ACTIVITY:
Copy all entries verbatim and keep any pictures out of the copy.

DATASET:
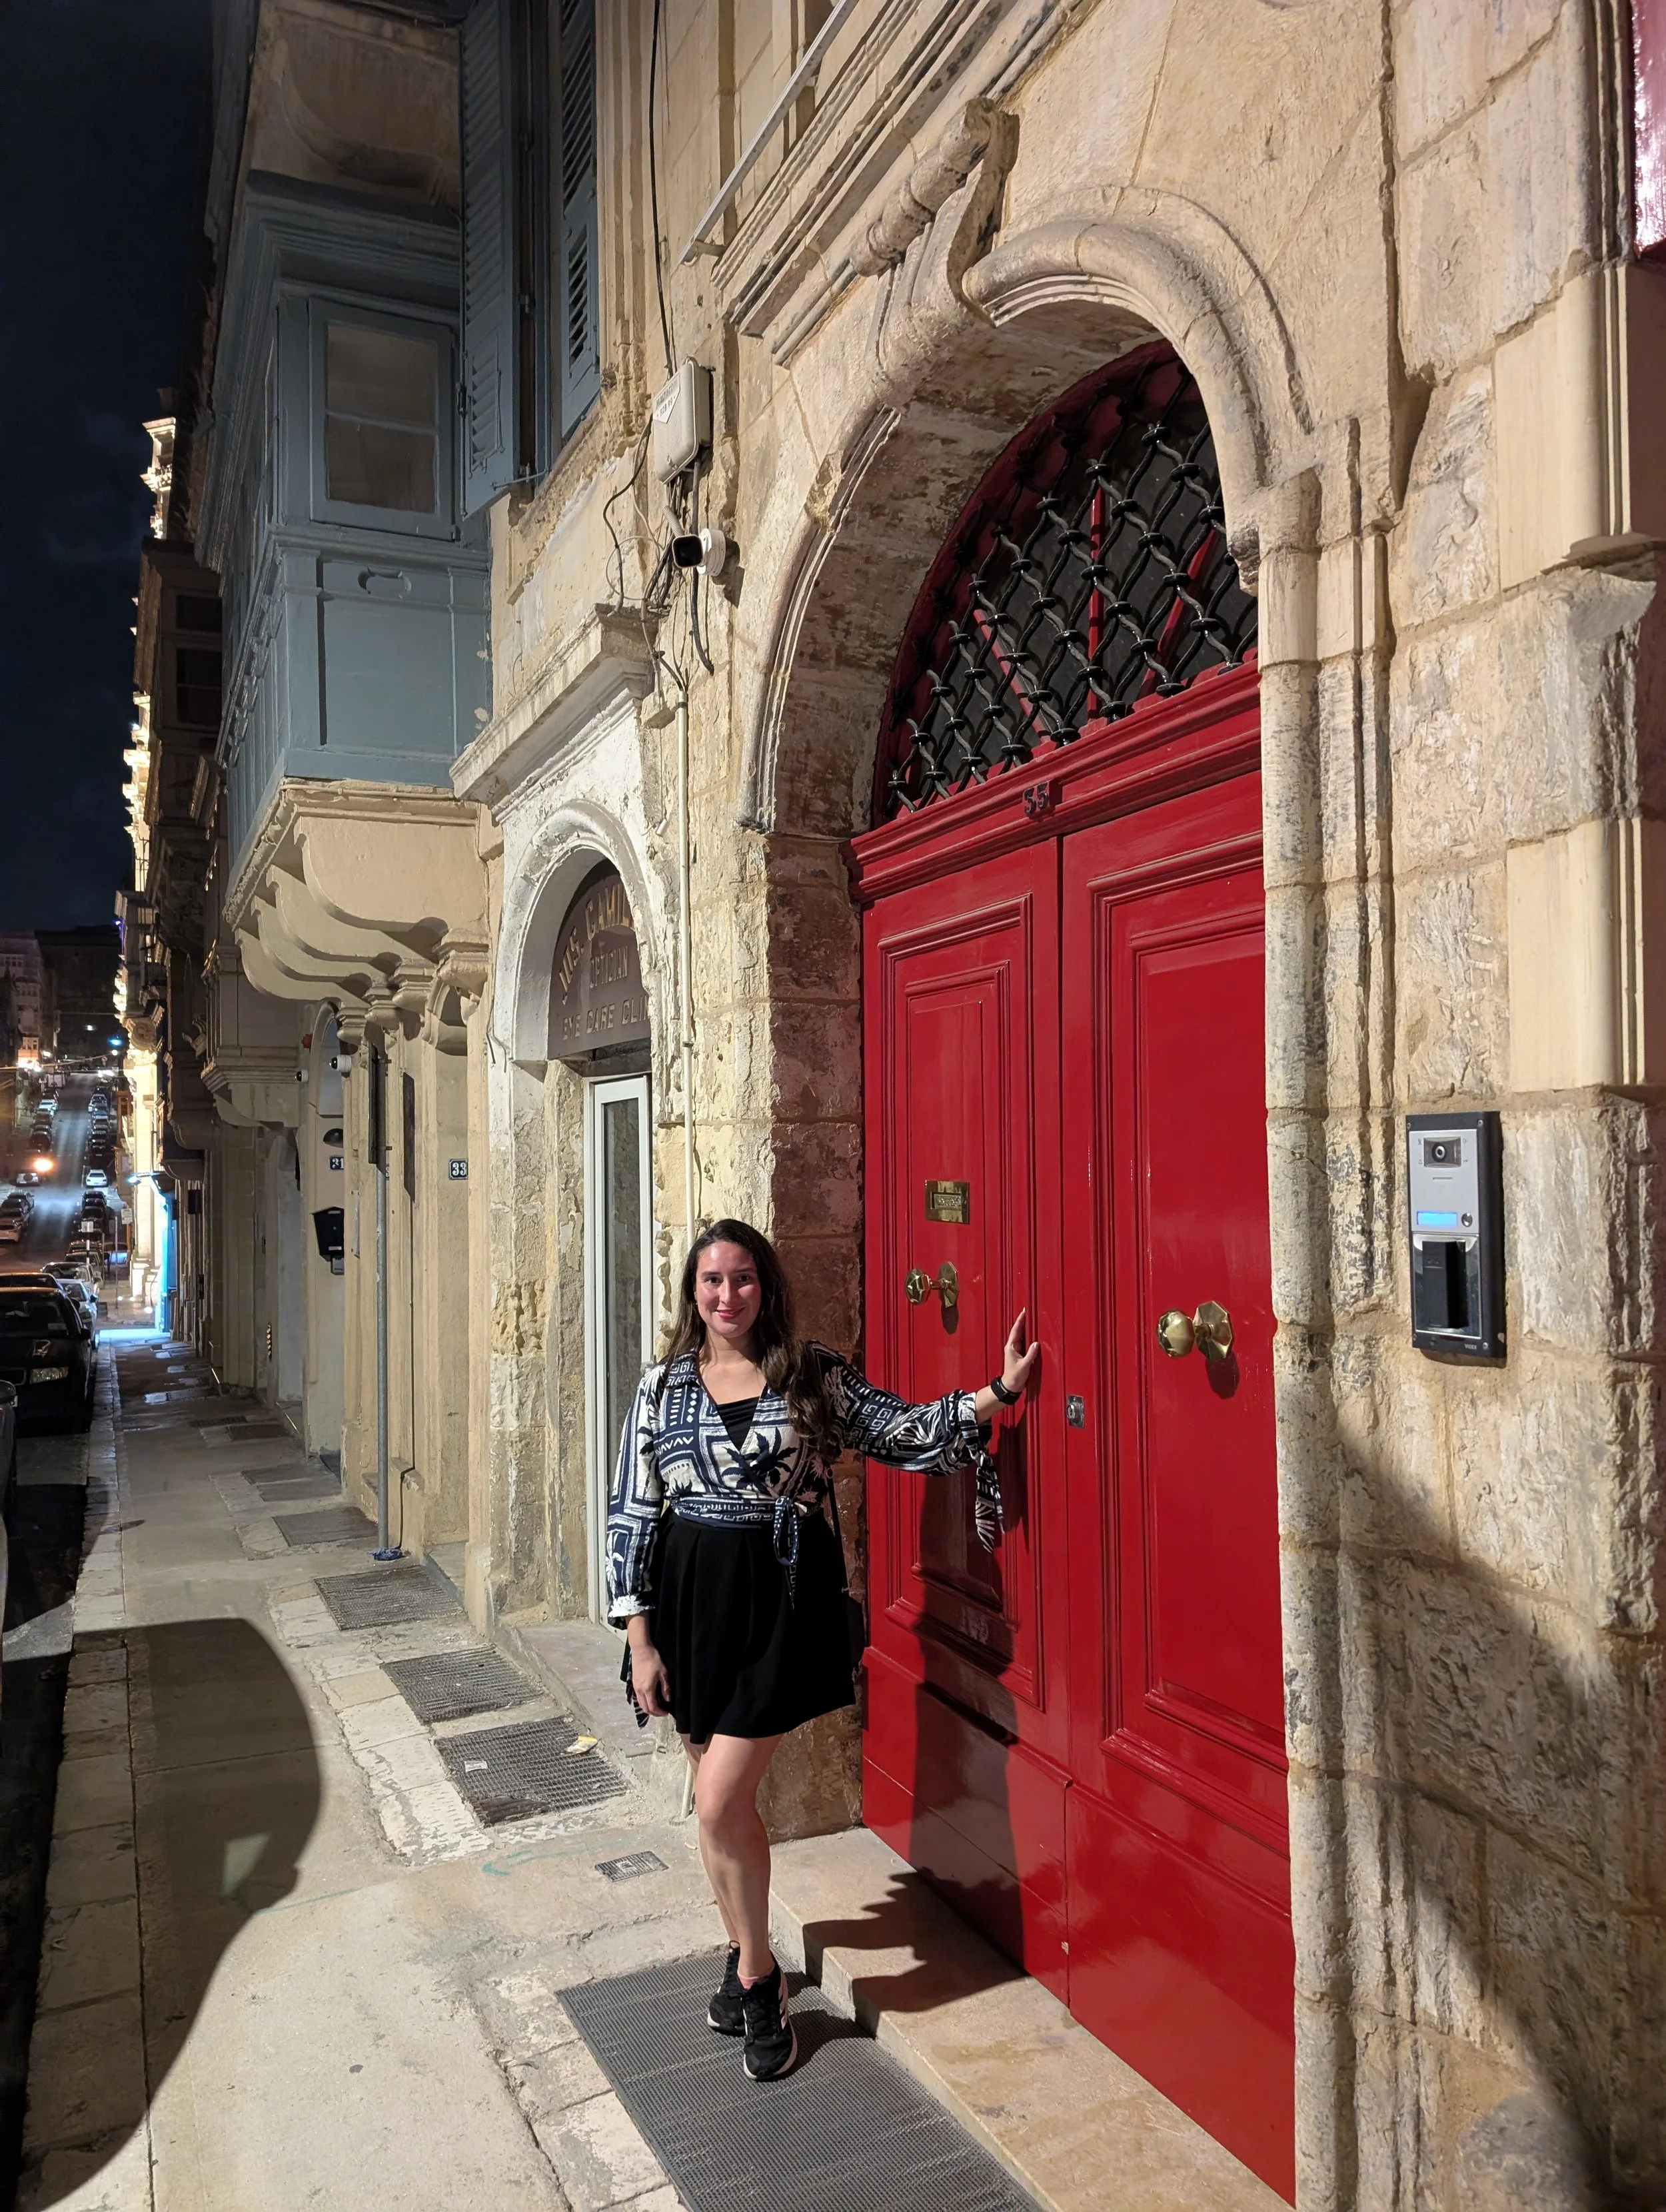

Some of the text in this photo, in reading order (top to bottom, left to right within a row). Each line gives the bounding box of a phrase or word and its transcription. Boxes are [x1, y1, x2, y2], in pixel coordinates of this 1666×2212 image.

[1024, 782, 1048, 815] 55
[590, 945, 628, 989] OPTICIAN
[562, 1013, 581, 1041] EYE
[586, 1003, 615, 1034] CARE
[332, 1157, 344, 1169] 31
[452, 1162, 466, 1176] 33
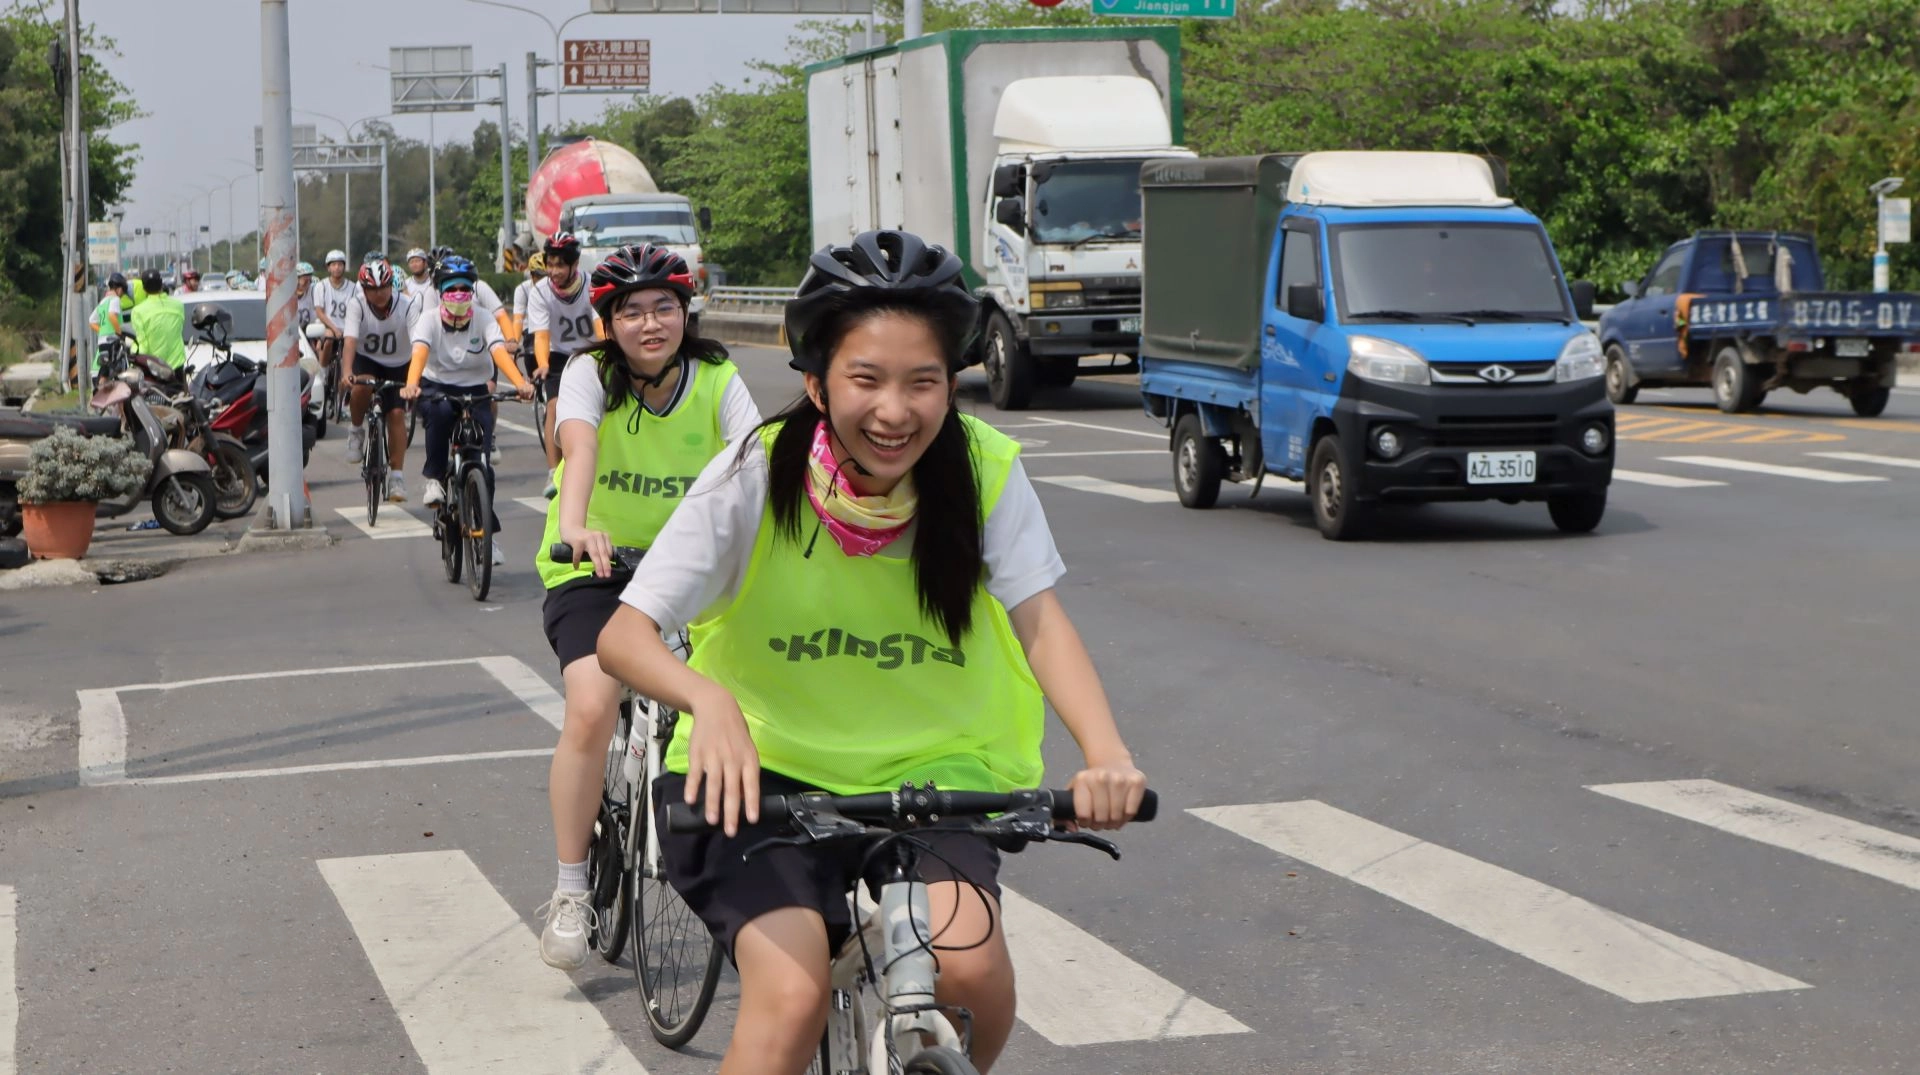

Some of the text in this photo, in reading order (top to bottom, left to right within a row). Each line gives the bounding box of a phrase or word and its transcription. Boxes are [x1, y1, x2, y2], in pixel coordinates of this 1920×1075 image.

TASK ANSWER:
Some of the text in this photo, in reading order (top to bottom, left to right within a row). Each line gives the bounding box of a phrase or word and its transcription. Boxes are [x1, y1, x2, y2], in pixel coordinates of this 1666×2212 image.

[1024, 782, 1048, 815] 55
[590, 945, 628, 989] OPTICIAN
[562, 1013, 581, 1041] EYE
[586, 1003, 615, 1034] CARE
[332, 1157, 344, 1169] 31
[452, 1162, 466, 1176] 33

Some of the text in this photo, in reading order (top to bottom, left to right within a row). Each line gives the bounding box of a phrase or word and its transcription. Boxes are [x1, y1, x2, y2], in pixel coordinates of this 1920×1075 image.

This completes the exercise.